You can verify that no part can have that CFrame like this:
local CF = -- your weird CFrame
somePart.CFrame = CF
print(somePart.CFrame == CF) --prints false
This happens because Roblox automatically orthonormalizes (“fixes”) the CFrame value if you try to actually set a Part’s CFrame property to it.
You can verify they’re not orthogonal like so:
print(CF.UpVector:Dot(CF.RightVector)) -- ~ 10.5
print(CF.UpVector:Dot(CF.RightVector)) -- ~ 0.99
print(CF.LookVector:Dot(CF.RightVector)) -- ~1.12
All of those should print very close to 0, because the dot product of any two orthogonal vectors is 0. In reality they don’t print 0 (something like -5.960463766996327e-08, wayyyy closer than 0.99) probably due to floating point imprecision.

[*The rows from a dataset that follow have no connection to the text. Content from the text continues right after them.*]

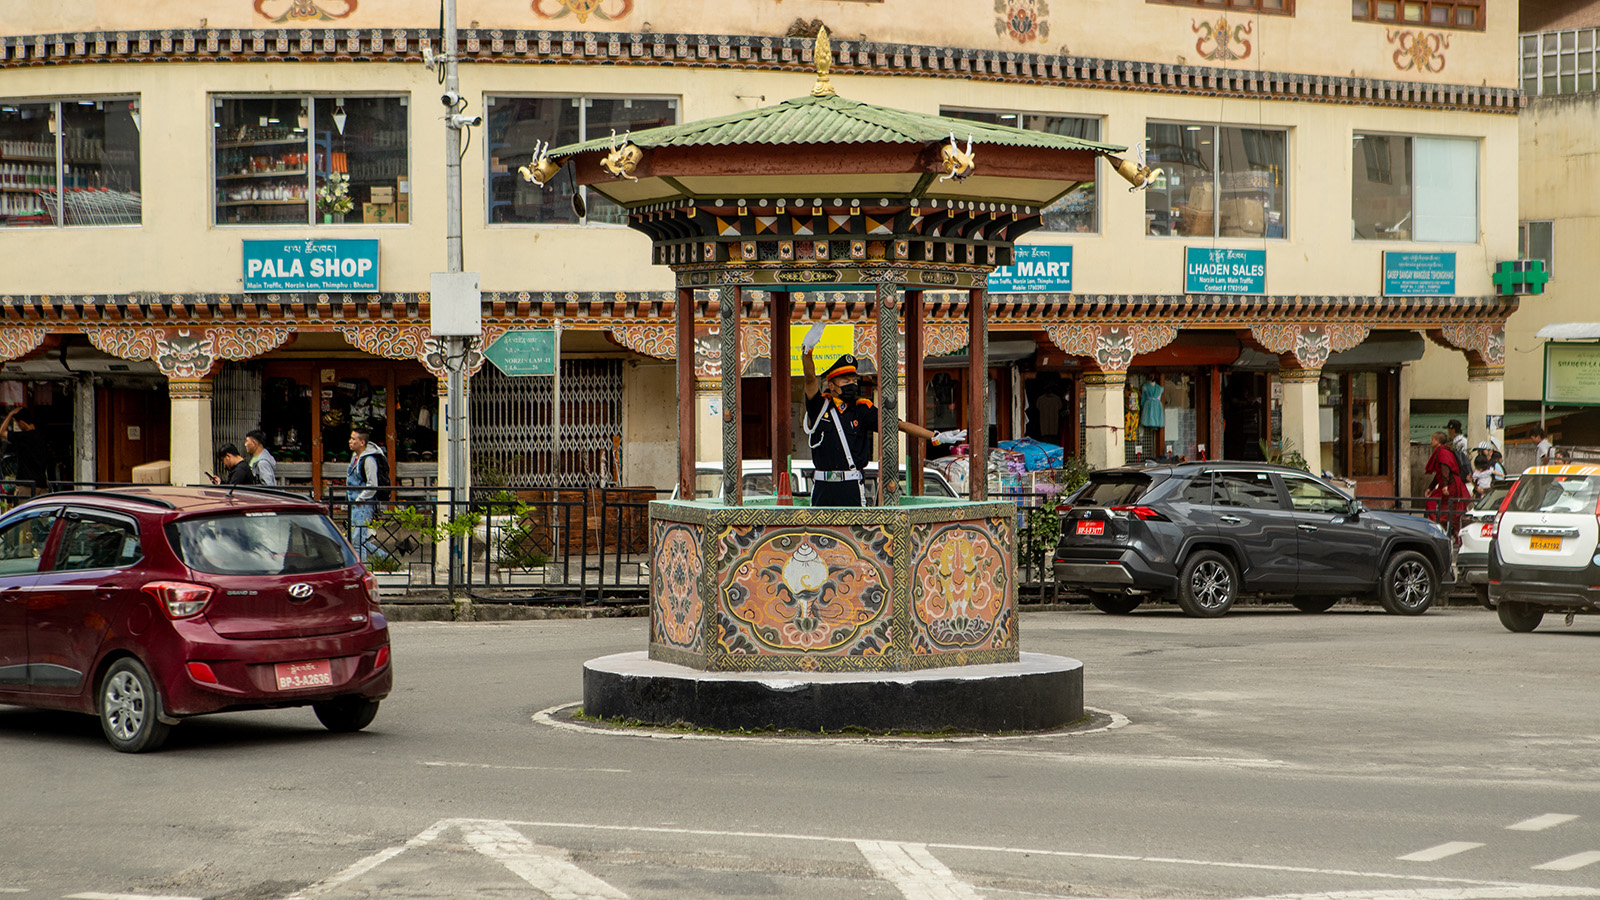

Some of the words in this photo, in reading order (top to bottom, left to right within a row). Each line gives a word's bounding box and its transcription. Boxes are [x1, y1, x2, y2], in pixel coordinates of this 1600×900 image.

[248, 258, 304, 278] PALA
[310, 258, 372, 278] SHOP
[1018, 262, 1070, 277] MART
[1189, 264, 1229, 275] LHADEN
[1232, 265, 1264, 276] SALES
[280, 673, 330, 687] BP-3-A2636
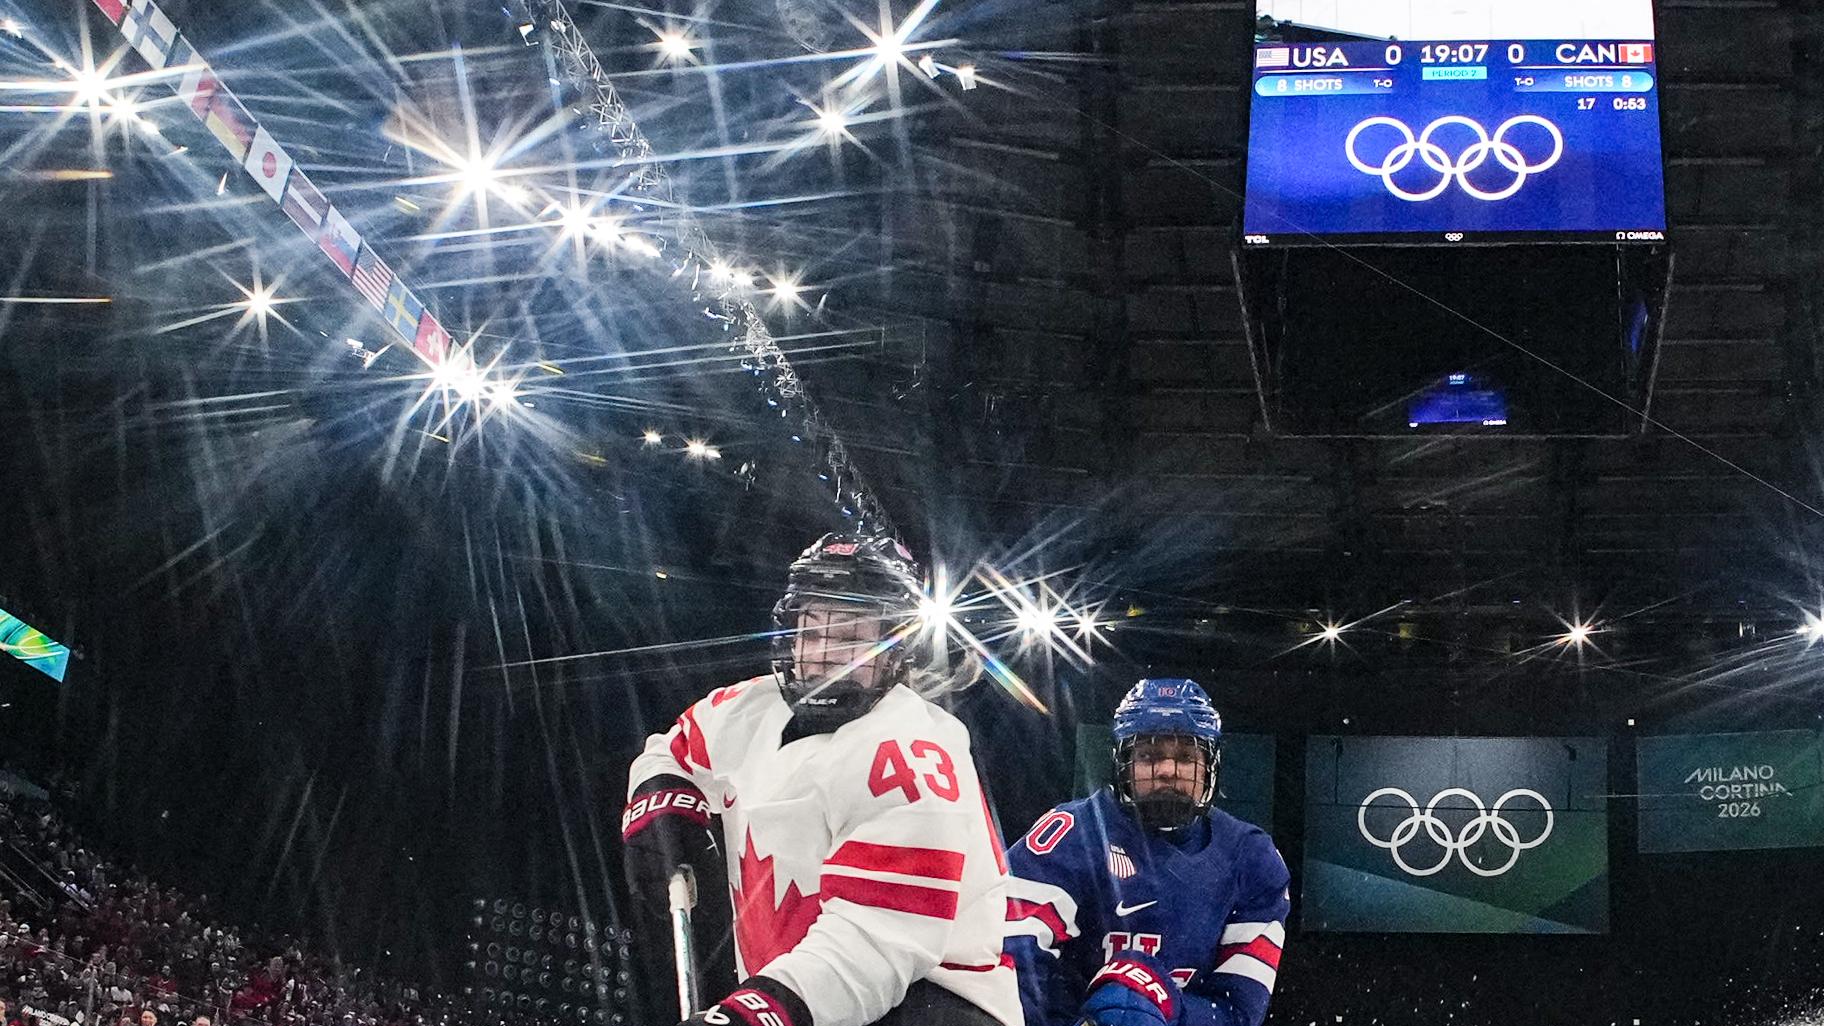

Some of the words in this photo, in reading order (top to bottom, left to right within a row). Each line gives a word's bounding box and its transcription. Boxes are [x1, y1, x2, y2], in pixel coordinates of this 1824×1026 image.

[1293, 47, 1349, 68] USA
[1385, 44, 1402, 66] 0
[1420, 44, 1489, 64] 19:07
[1507, 43, 1524, 64] 0
[1555, 43, 1616, 64] CAN
[1276, 79, 1287, 92] 8
[1294, 78, 1342, 91] SHOTS
[1564, 75, 1613, 88] SHOTS
[1621, 75, 1632, 88] 8
[1577, 98, 1596, 110] 17
[1245, 235, 1269, 244] TCL
[1627, 231, 1664, 240] OMEGA
[868, 739, 960, 803] 43
[1684, 765, 1774, 784] MILANO
[1700, 782, 1793, 800] CORTINA
[1718, 802, 1761, 818] 2026
[1086, 961, 1168, 1005] UER
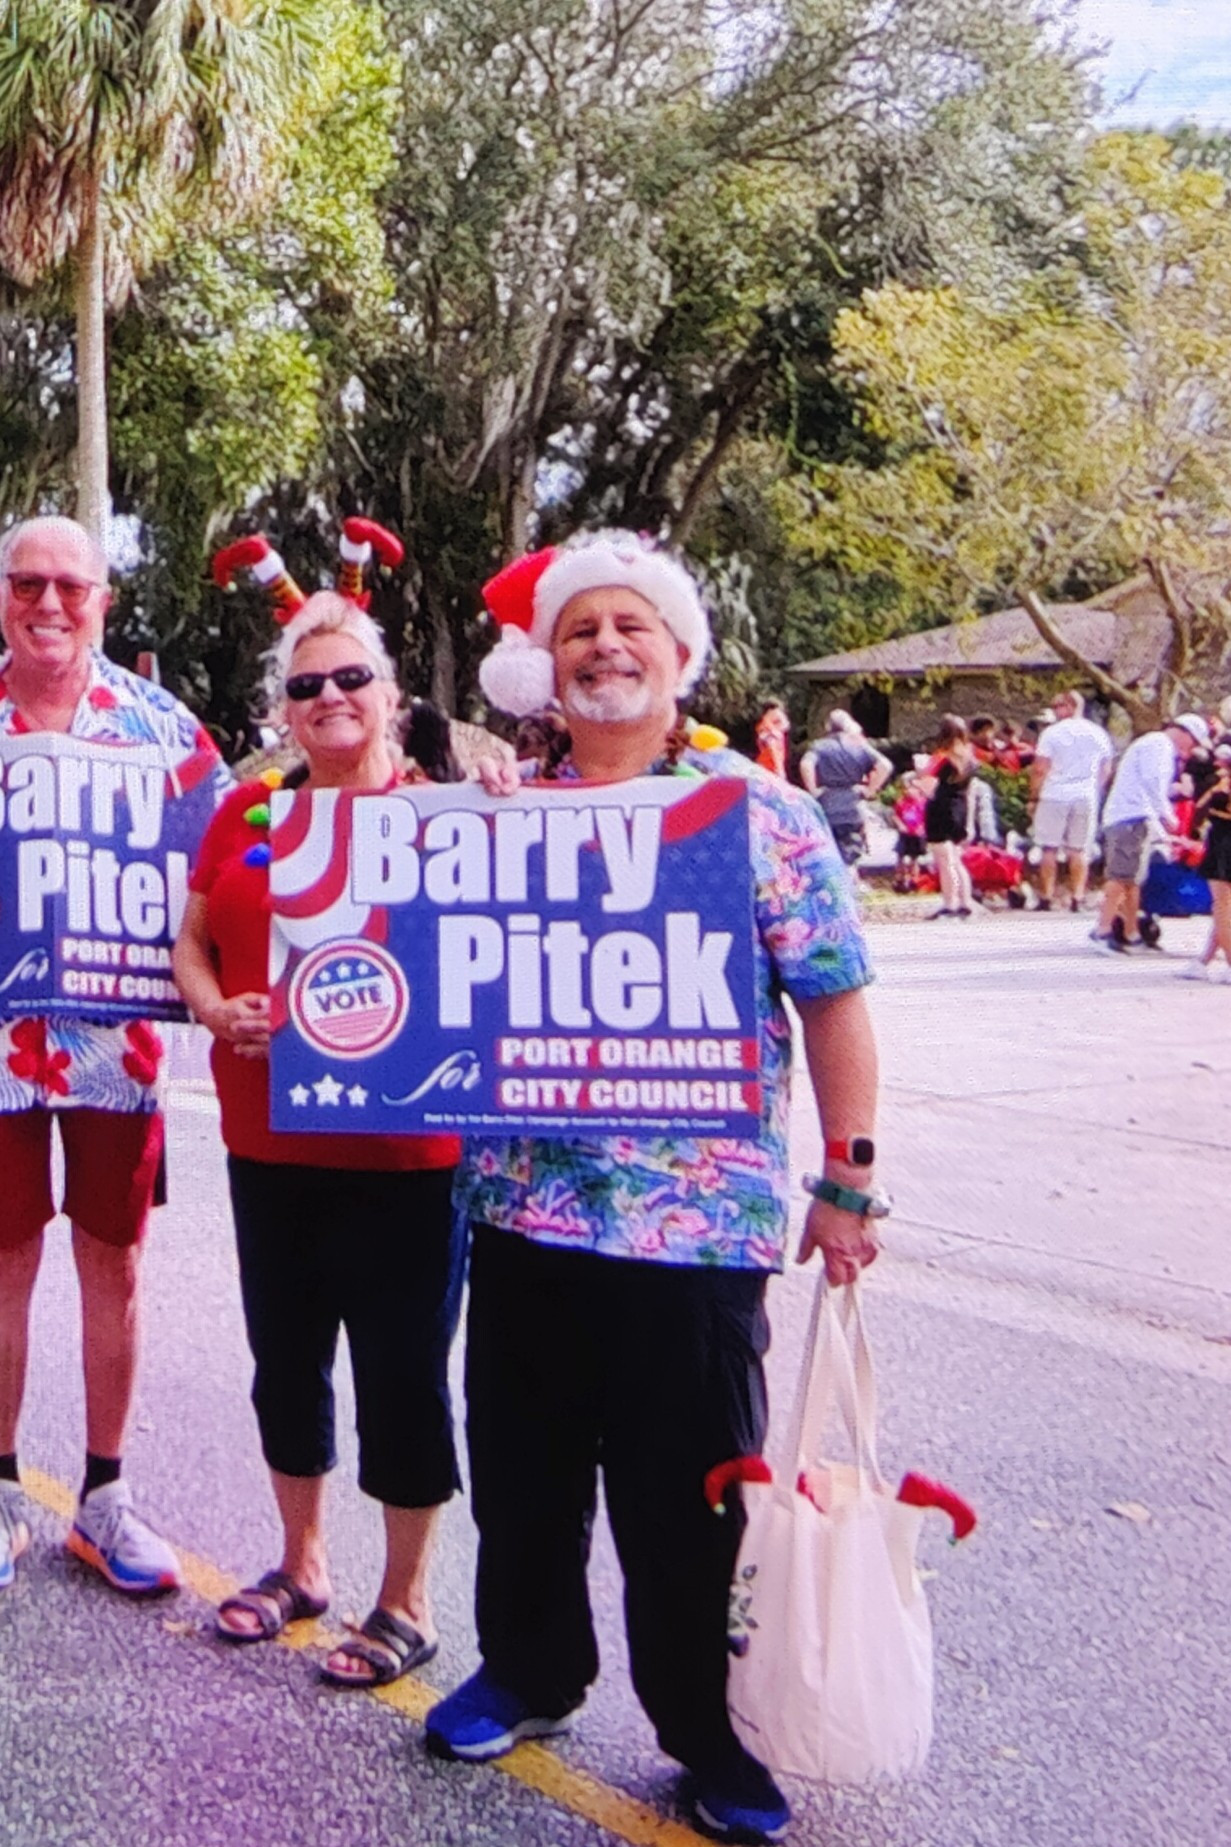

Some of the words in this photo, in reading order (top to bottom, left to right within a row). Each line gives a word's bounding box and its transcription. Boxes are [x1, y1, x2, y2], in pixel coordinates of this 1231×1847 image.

[351, 795, 662, 912] Barry
[61, 938, 121, 964] PORT
[127, 944, 172, 968] ORA
[61, 970, 117, 994] CITY
[438, 912, 740, 1029] Pitek
[315, 984, 383, 1013] VOTE
[500, 1040, 591, 1067] PORT
[599, 1040, 742, 1069] ORANGE
[382, 1049, 481, 1105] for
[501, 1079, 588, 1107] CITY
[589, 1081, 749, 1111] COUNCIL

You can verify they’re not unit vectors like this:
print(CF.RightVector.Magnitude) -- ~1.5
... and so on
More reading
If you want a full introduction to how 3D transforms are handled in games, I highly recommend chapters 1 and 2 of Foundations of Game Engine Development Volume 1: Mathematics. They introduce vector math and linear algebra (matrix math) as well as their “combination”, transforms, from a coding perspective (with full examples in C++). It’s… not exactly fun reading though. It’s a literal math textbook.
If you prefer videos, Khan Academy has a course on linear algebra but nothing that applies directly to game dev (there are some quirks that are covered in Game Engine Development)
Honestly though, understanding the mathematics is not really that useful. If (like me) you only care about how it applies to game dev, just focus on building an intuition for what it means to perform the different operations that are available to you and how you can solve problems using them. You can literally just go through the wiki page on CFrame and see if you understand what everything does:
If you don’t understand something, play around with simple examples in Studio to build intuition or search/ask here on the forums about “how to use PointToWorldSpace” for exaple.